• INPUT RECORDS:
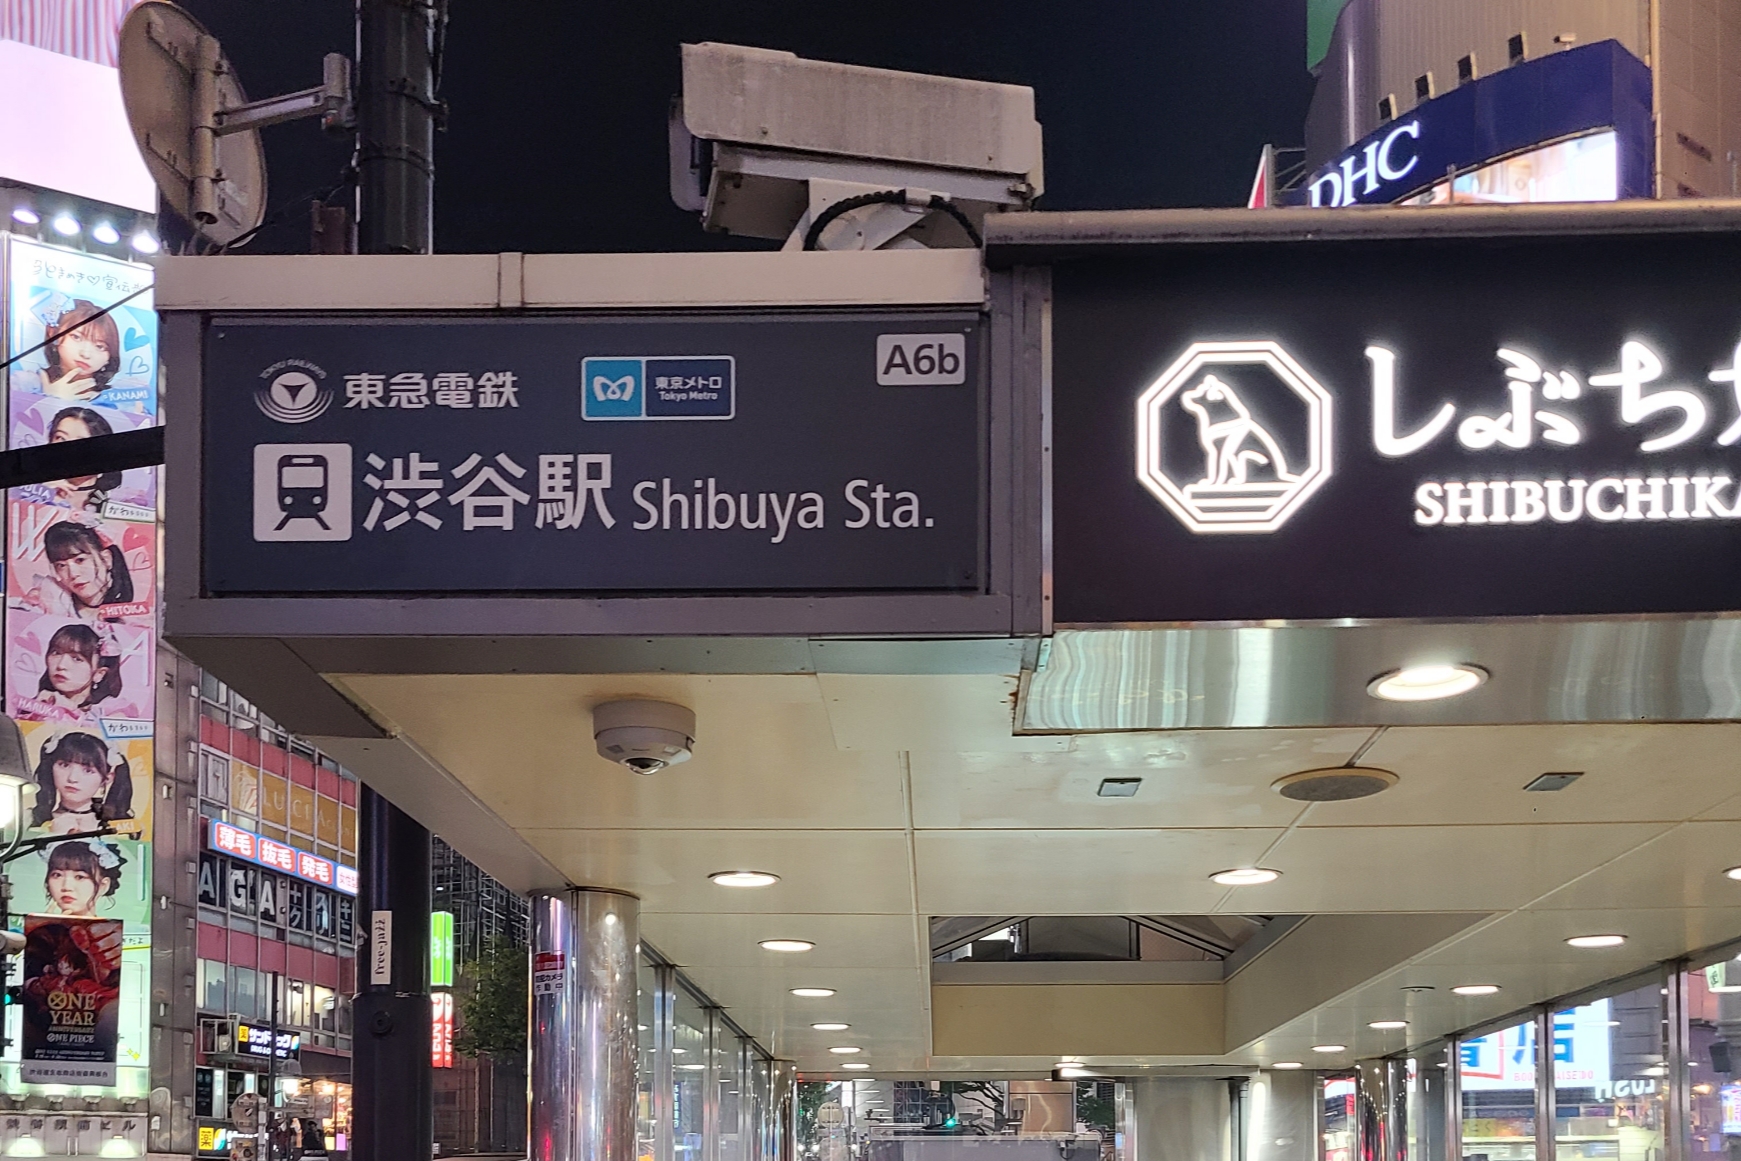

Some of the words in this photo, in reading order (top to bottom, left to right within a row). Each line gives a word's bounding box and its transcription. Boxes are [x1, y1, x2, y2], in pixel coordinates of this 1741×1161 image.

[1308, 120, 1420, 208] DHC
[881, 343, 961, 376] A6b
[343, 371, 521, 409] 東急電鉄
[654, 375, 722, 390] 東京メトロ
[108, 390, 149, 401] KANAMI
[659, 390, 687, 402] Tokyo
[689, 390, 718, 401] Metro
[1366, 340, 1741, 457] しぶち
[362, 452, 617, 532] 渋谷駅
[631, 479, 826, 545] Shibuya
[844, 479, 936, 531] Sta.
[107, 604, 147, 615] HITOKA
[219, 826, 252, 856] 薄毛
[262, 841, 292, 871] 抜毛
[301, 855, 330, 883] 発毛
[47, 991, 96, 1010] ONE
[50, 1010, 96, 1026] YEAR
[69, 1034, 95, 1043] PIECE
[249, 1028, 292, 1048] サンドッグ
[1555, 1070, 1594, 1080] AISEIDO
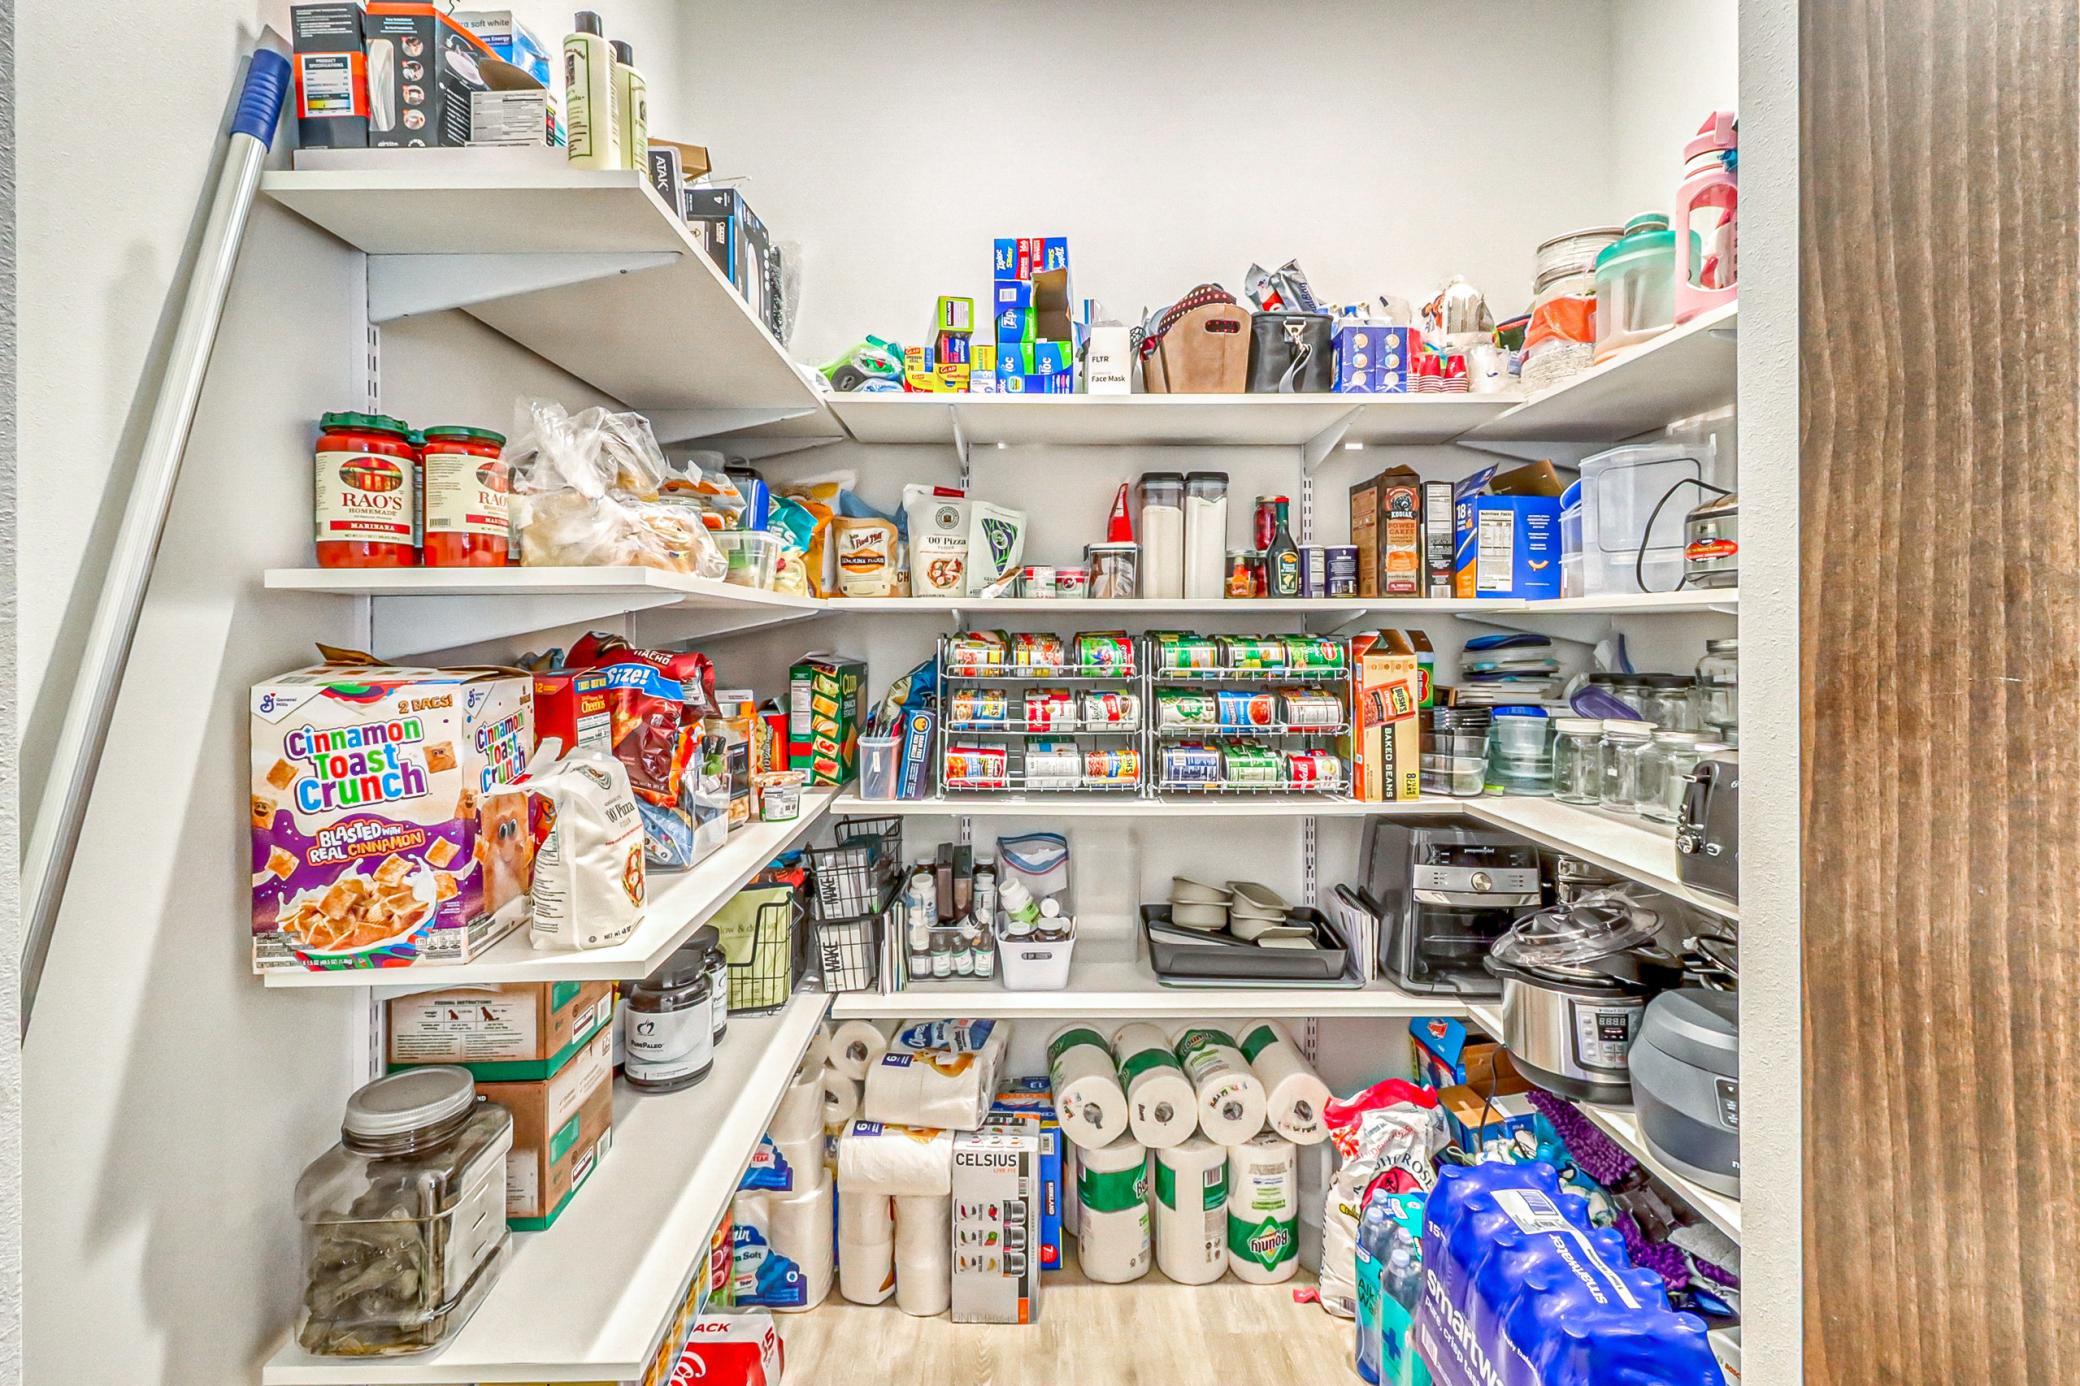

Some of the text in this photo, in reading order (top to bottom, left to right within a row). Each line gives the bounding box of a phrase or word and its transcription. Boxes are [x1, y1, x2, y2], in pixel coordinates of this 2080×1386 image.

[471, 20, 486, 28] soft
[487, 19, 510, 27] white
[655, 155, 669, 191] ATAK
[996, 249, 1006, 270] Ziploc
[940, 364, 957, 373] GLAD
[341, 492, 403, 511] RAO'S
[348, 508, 397, 516] HOMEMADE
[1456, 503, 1467, 519] 18
[350, 522, 396, 531] MARINARA
[1390, 510, 1413, 519] KODIAK
[943, 537, 967, 546] Pizza
[535, 682, 543, 693] 12
[606, 667, 651, 685] Size!
[398, 702, 409, 714] 2
[1393, 686, 1409, 715] BUSH'S
[288, 717, 422, 758] Cinnamon
[477, 710, 524, 751] Cinnamon
[487, 731, 518, 767] Toast
[1383, 727, 1393, 762] BAKED
[313, 743, 399, 780] Toast
[481, 745, 526, 793] Crunch
[297, 762, 427, 812] Crunch
[1384, 764, 1394, 799] BEANS
[616, 801, 636, 816] Pizza
[309, 832, 422, 863] REAL CINNAMON
[320, 822, 382, 848] BLASTED
[822, 940, 841, 973] MAKE
[955, 1152, 1017, 1167] CELSIUS
[1251, 1228, 1289, 1253] Bounty
[1549, 1233, 1609, 1305] smartwater

• EXERCISE OBJECTIVE:
Your answer must be an exact copy of the records, without the pictures.

• SOLUTION TO THIS EXERCISE:
Some of the words in this photo, in reading order (top to bottom, left to right within a row). Each line gives a word's bounding box and its transcription. Boxes are [x1, y1, x2, y2], in pixel coordinates of this 1741×1161 image.

[1308, 120, 1420, 208] DHC
[881, 343, 961, 376] A6b
[343, 371, 521, 409] 東急電鉄
[654, 375, 722, 390] 東京メトロ
[108, 390, 149, 401] KANAMI
[659, 390, 687, 402] Tokyo
[689, 390, 718, 401] Metro
[1366, 340, 1741, 457] しぶち
[362, 452, 617, 532] 渋谷駅
[631, 479, 826, 545] Shibuya
[844, 479, 936, 531] Sta.
[107, 604, 147, 615] HITOKA
[219, 826, 252, 856] 薄毛
[262, 841, 292, 871] 抜毛
[301, 855, 330, 883] 発毛
[47, 991, 96, 1010] ONE
[50, 1010, 96, 1026] YEAR
[69, 1034, 95, 1043] PIECE
[249, 1028, 292, 1048] サンドッグ
[1555, 1070, 1594, 1080] AISEIDO

Some of the text in this photo, in reading order (top to bottom, left to right within a row). Each line gives the bounding box of a phrase or word and its transcription. Boxes are [x1, y1, x2, y2], in pixel coordinates of this 2080×1386 image.

[471, 20, 486, 28] soft
[487, 19, 510, 27] white
[655, 155, 669, 191] ATAK
[996, 249, 1006, 270] Ziploc
[940, 364, 957, 373] GLAD
[341, 492, 403, 511] RAO'S
[348, 508, 397, 516] HOMEMADE
[1456, 503, 1467, 519] 18
[350, 522, 396, 531] MARINARA
[1390, 510, 1413, 519] KODIAK
[943, 537, 967, 546] Pizza
[535, 682, 543, 693] 12
[606, 667, 651, 685] Size!
[398, 702, 409, 714] 2
[1393, 686, 1409, 715] BUSH'S
[288, 717, 422, 758] Cinnamon
[477, 710, 524, 751] Cinnamon
[487, 731, 518, 767] Toast
[1383, 727, 1393, 762] BAKED
[313, 743, 399, 780] Toast
[481, 745, 526, 793] Crunch
[297, 762, 427, 812] Crunch
[1384, 764, 1394, 799] BEANS
[616, 801, 636, 816] Pizza
[309, 832, 422, 863] REAL CINNAMON
[320, 822, 382, 848] BLASTED
[822, 940, 841, 973] MAKE
[955, 1152, 1017, 1167] CELSIUS
[1251, 1228, 1289, 1253] Bounty
[1549, 1233, 1609, 1305] smartwater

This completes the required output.